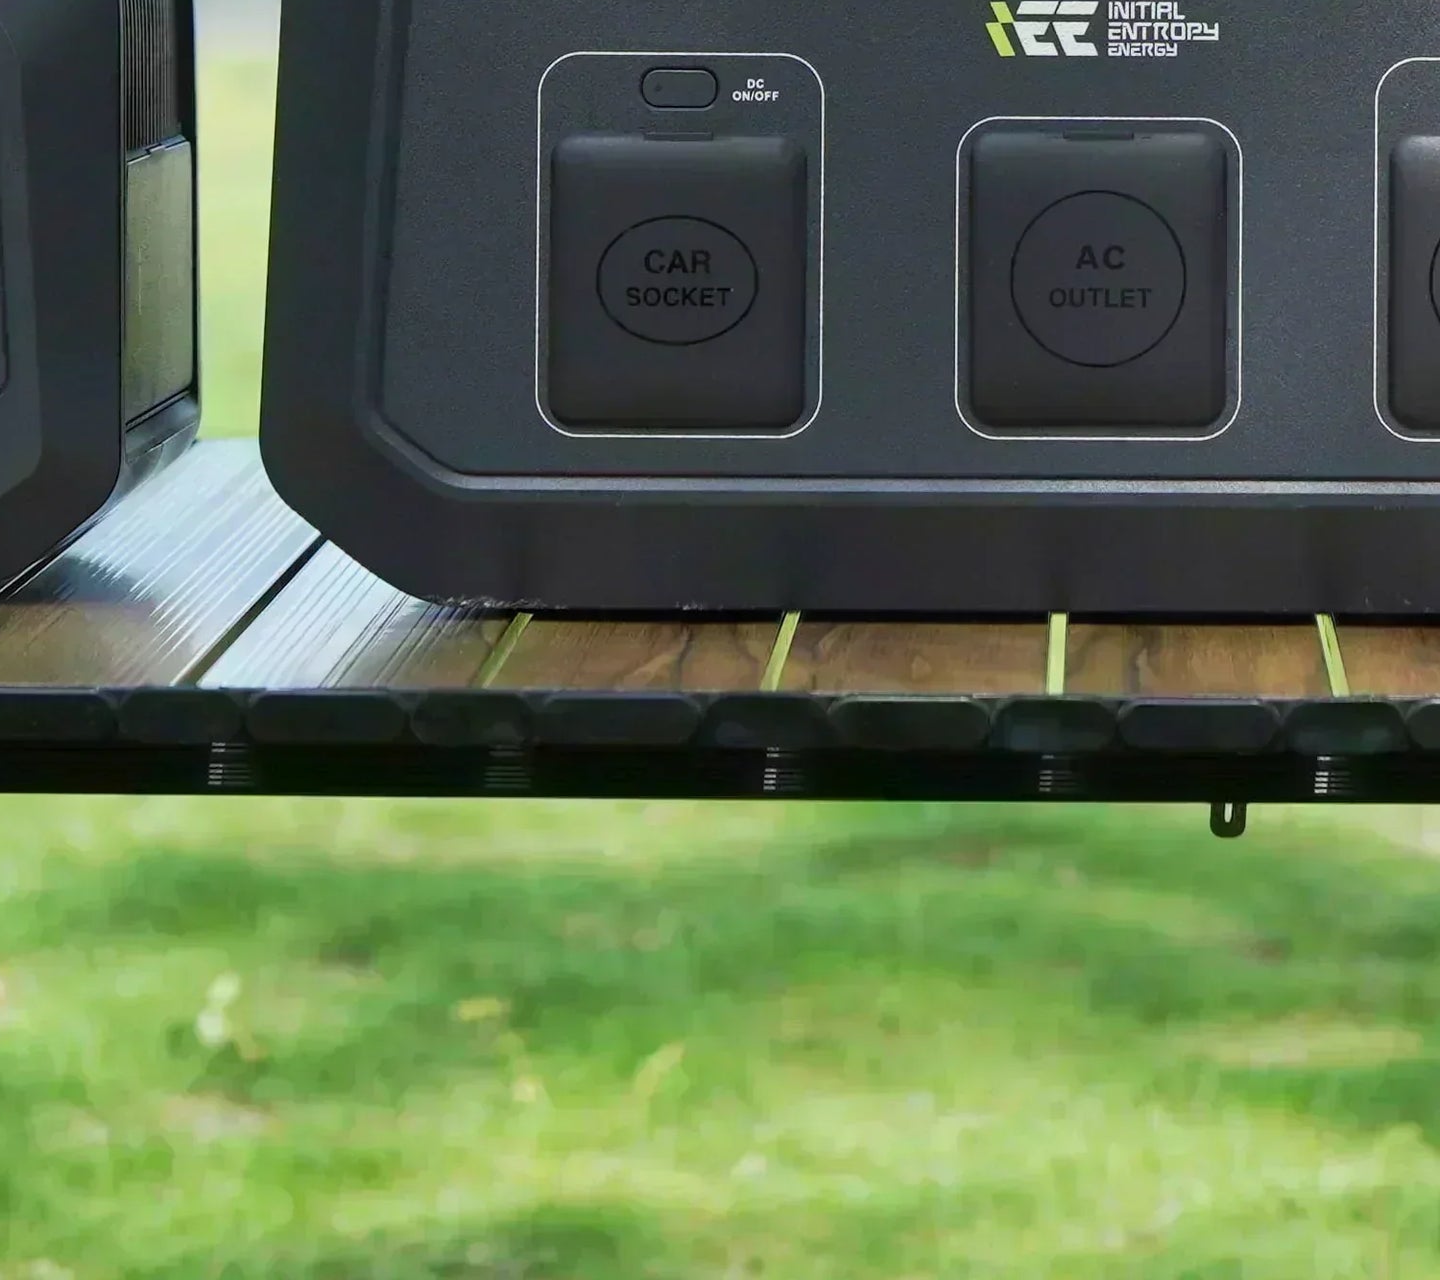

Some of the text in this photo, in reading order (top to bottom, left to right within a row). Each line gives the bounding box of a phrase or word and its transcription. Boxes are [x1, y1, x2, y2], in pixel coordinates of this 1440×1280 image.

[1108, 0, 1186, 21] INITIAL
[1107, 21, 1220, 41] ENTROPY
[1107, 42, 1178, 57] ENERGY
[746, 78, 765, 89] DC
[732, 90, 780, 102] ON/OFF
[643, 249, 712, 275] CAR
[1074, 244, 1126, 270] AC
[625, 286, 732, 308] SOCKET
[1047, 286, 1153, 309] OUTLET

________________

AIM OF THE TASK:
Everything in the records above should be printed again exactly, except the pictures.

RESULT OF THE TASK:
Some of the text in this photo, in reading order (top to bottom, left to right within a row). Each line gives the bounding box of a phrase or word and its transcription. Boxes are [x1, y1, x2, y2], in pixel coordinates of this 1440×1280 image.

[1108, 0, 1186, 21] INITIAL
[1107, 21, 1220, 41] ENTROPY
[1107, 42, 1178, 57] ENERGY
[746, 78, 765, 89] DC
[732, 90, 780, 102] ON/OFF
[643, 249, 712, 275] CAR
[1074, 244, 1126, 270] AC
[625, 286, 732, 308] SOCKET
[1047, 286, 1153, 309] OUTLET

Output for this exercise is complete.